Republic of the Philippines
SUPREME COURT
Manila

EN BANC

G.R. No. 4031           September 22, 1908

ARCADIO REMIGIO, plaintiff-appellant,
vs.
FAUSTO RIGATA, defendant-appellee.

Francisco Dominguez, for appellant.
T.L. McGirr, for appellee.

WILLARD, J.:

This action was originally brought before a justice of the peace, where judgment was rendered in favor of the plaintiff for P75. It seems that the defendant appeared before the justice of the peace, but it does not appear that he presented any counterclaim or special defense. He appealed from the judgment of the justice of the peace to the Court of First Instance, where the plaintiff reproduced his original demand presented in the lower court.

The plaintiff's contention is that he furnished the defendant P75 with which the defendant was to buy wood that was to be delivered to and sold by the plaintiff, and that the profits of the transaction should be equally divided between the parties. The defendant at the trial admittted that he had received the P75 for the purpose named, and testified that he had invested the money in wood and had delivered it to the plaintiff. The only question of fact arising on the plaintiff's complaint relates to the delivery of the wood to the plaintiff by the defendant. The court below found that there had been such a delivery and the evidence, in our opinion, strongly preponderance in favor of that finding.

This disposes of the plaintiff's appeal so far as it relates to the cause of action set out in the complaint.

The defendant presented an answer and counterclaim which was amended several times and which finally asked for an accounting and for judgment for the amount which upon such accounting would be found due from the plaintiff to the defendant. What the amount would be, does not clearly appear from the counterclaim and it does not appear that such a counterclaim was within the jurisdiction of a justice of the peace.

It appears from the decision of the Court of First Instance that the plaintiff moved to dismiss the counterclaim. The court granted this motion, reserving, however, to the defendant the right to maintain an action upon the matters presented in his counterclaim.

The plaintiff and appellant now claims that the court, instead of dismissing the counterclaim, should have quitted the plaintiff of it and that it should not have reserved to the defendant the right to maintain an action upon the matters therein set out.

This reservation, however, produced no effect. Except in special cases where it is otherwise distinctly provided, such a reservation can produce no effect. If, where the counterclaim is dismissed, the law gives the party the right to maintain another action, he has such right whether the first judgment contains a reservation to that effect or not. If, on the contrary, the law gives him no such right, then the court can not give it to him by attempting to reserve it. (Belzunce vs. Fernandez, 10 Phil. Rep., 452; Almeida vs. Abaroa, 8 Phil. Rep., 178.)
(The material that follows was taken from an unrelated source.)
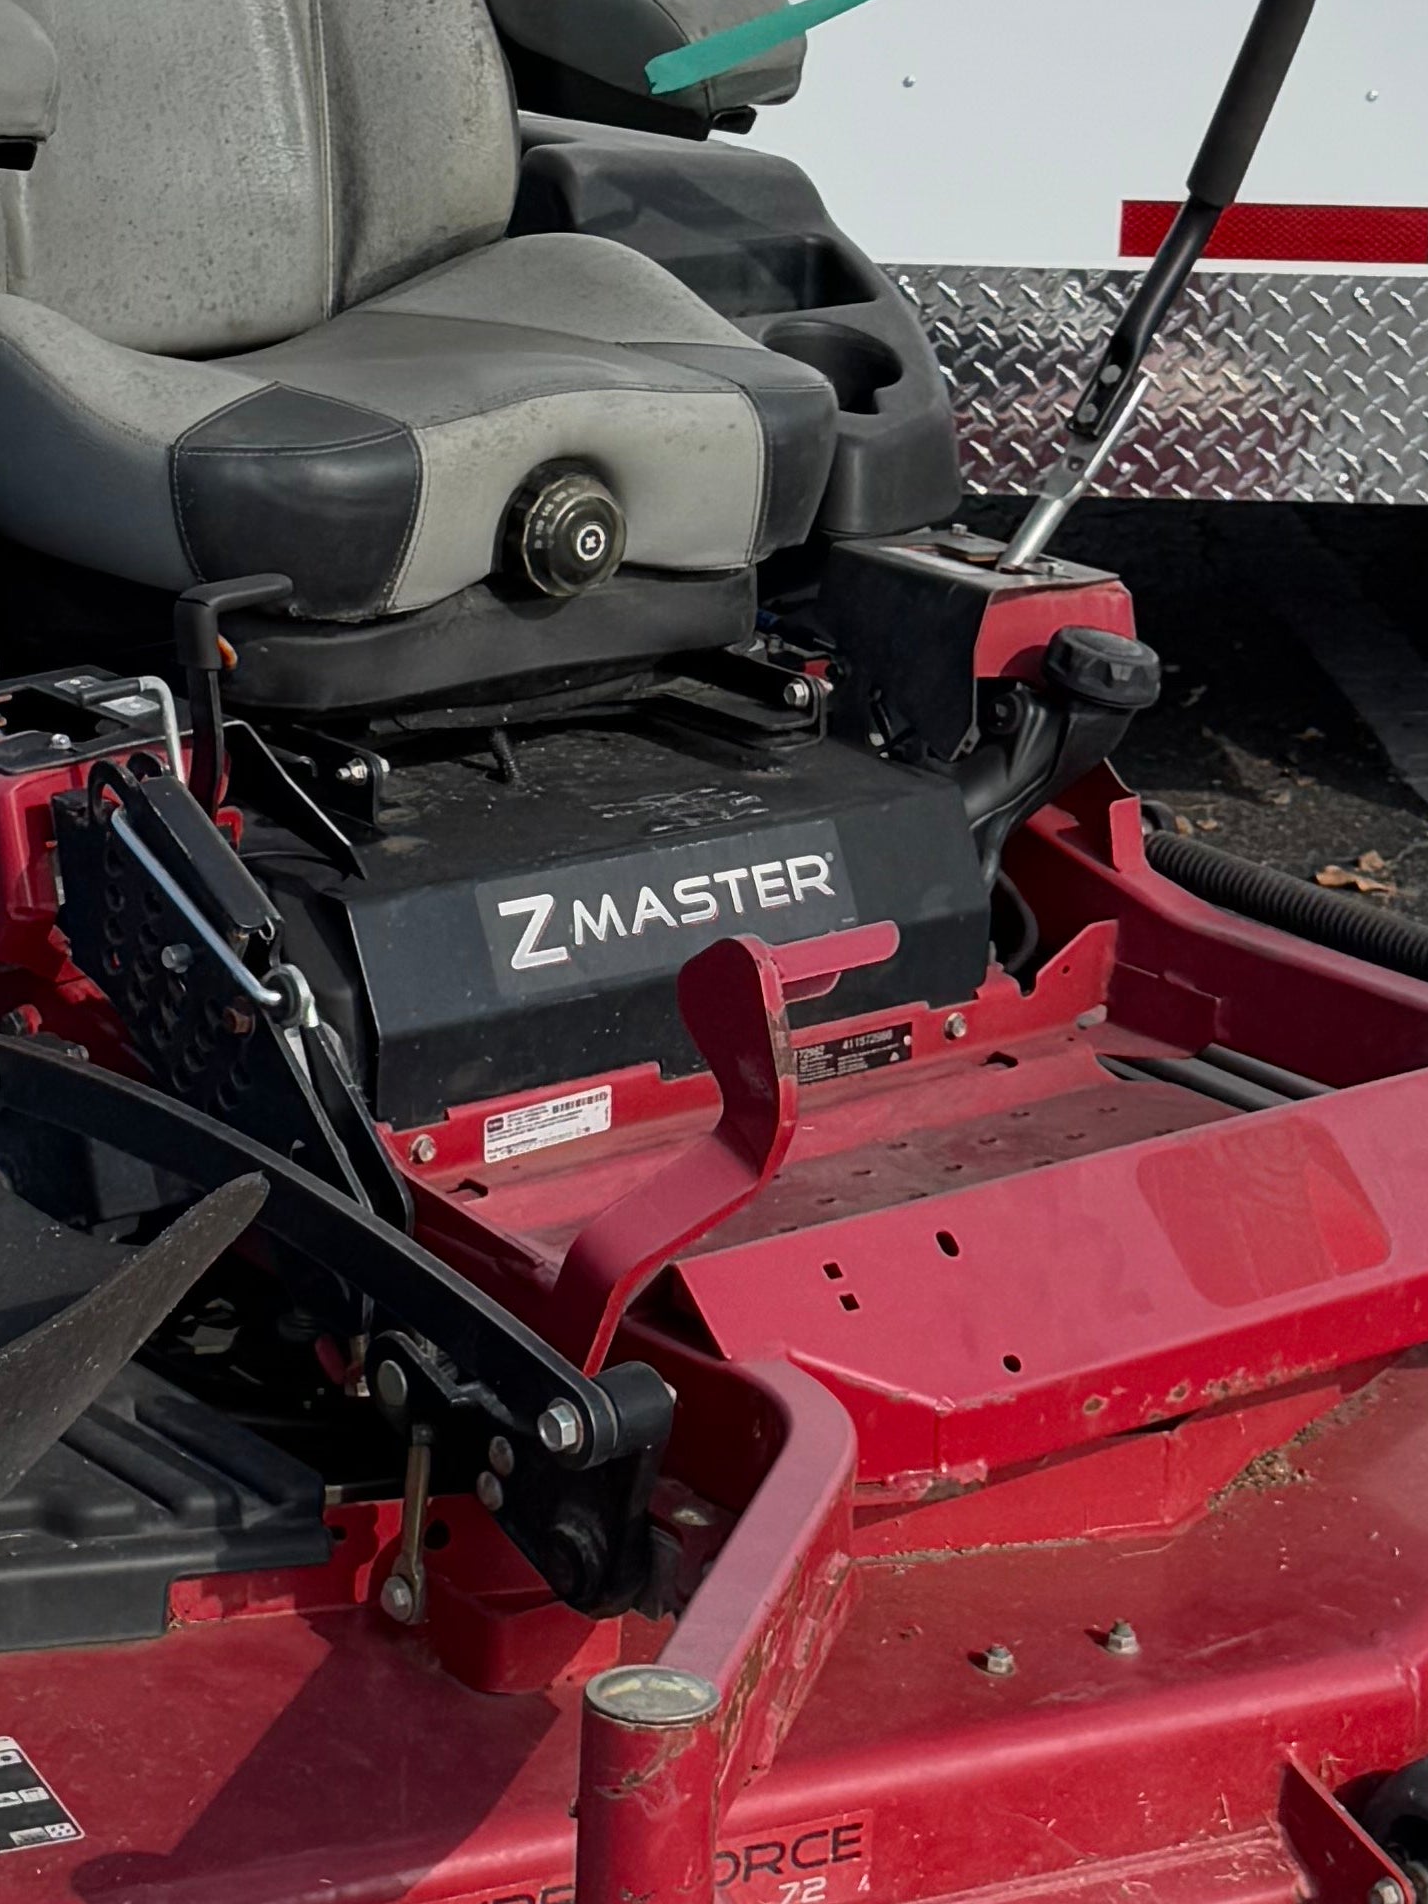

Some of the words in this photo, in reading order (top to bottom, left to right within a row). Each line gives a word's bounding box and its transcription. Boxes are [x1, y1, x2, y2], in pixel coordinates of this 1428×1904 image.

[498, 893, 570, 970] Z
[573, 854, 836, 946] MASTER
[713, 1822, 864, 1888] ORCE
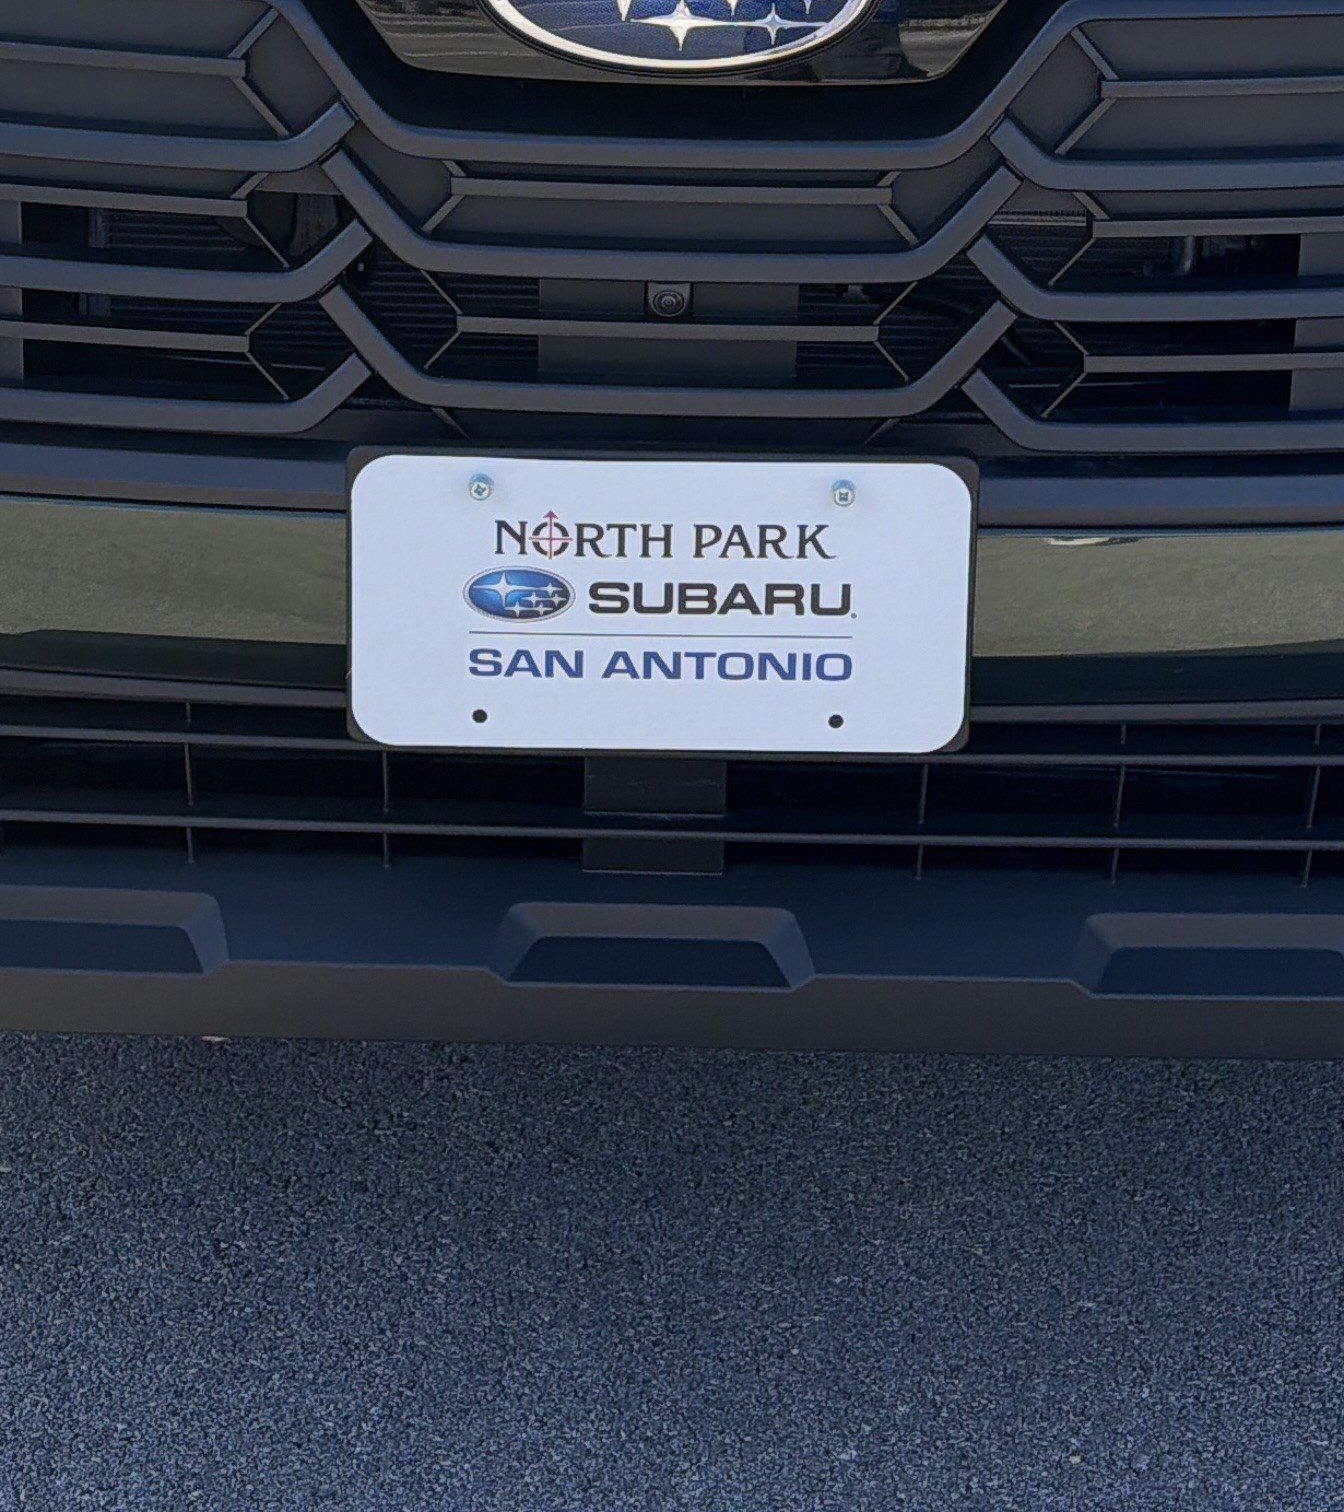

Upon the other point presented by this assignment of error, the appellant is in no opposition to complain of the action of the court. He asked that the counterclaim be dismissed and the court granted his motion. He, therefore, can not now complain of such action.

The court below held that in an action appealed from a justice court the defendant was, in the Court of First Instance, limited to the pleading which he had presented before the justice of the peace, and that the Court of First Instance had no authority to allow an amendment by adding new defenses or counterclaims. In view of what has been hereinbefore said, it is not necessary for us to decide this question, but we call attention to the fact that the former decisions of this court upon subject of the nature of the pleadings which may be presented in the Court of First Instance in cases appealed from a court of justice of the peace, go no further than to say that the plaintiff can not so amend his complaint as to present a cause of action which would not be within the jurisdiction of a justice of the peace. (Alonso vs. Municipality of Placer, 5 Phil. Rep., 71; Enriquez vs. Watson and Co., 6 Phil. Rep., 114, Evangelista vs. Tabayuyong, 7 Phil. Rep., 607; Bernardo vs. Genato, 10 Phil. Rep., 756.)

The judgment of the court below is affirmed, with the costs of this instance against the appellant. So ordered.

Arellano, C.J., Torres, Mapa, Carson and Tracey, JJ., concur.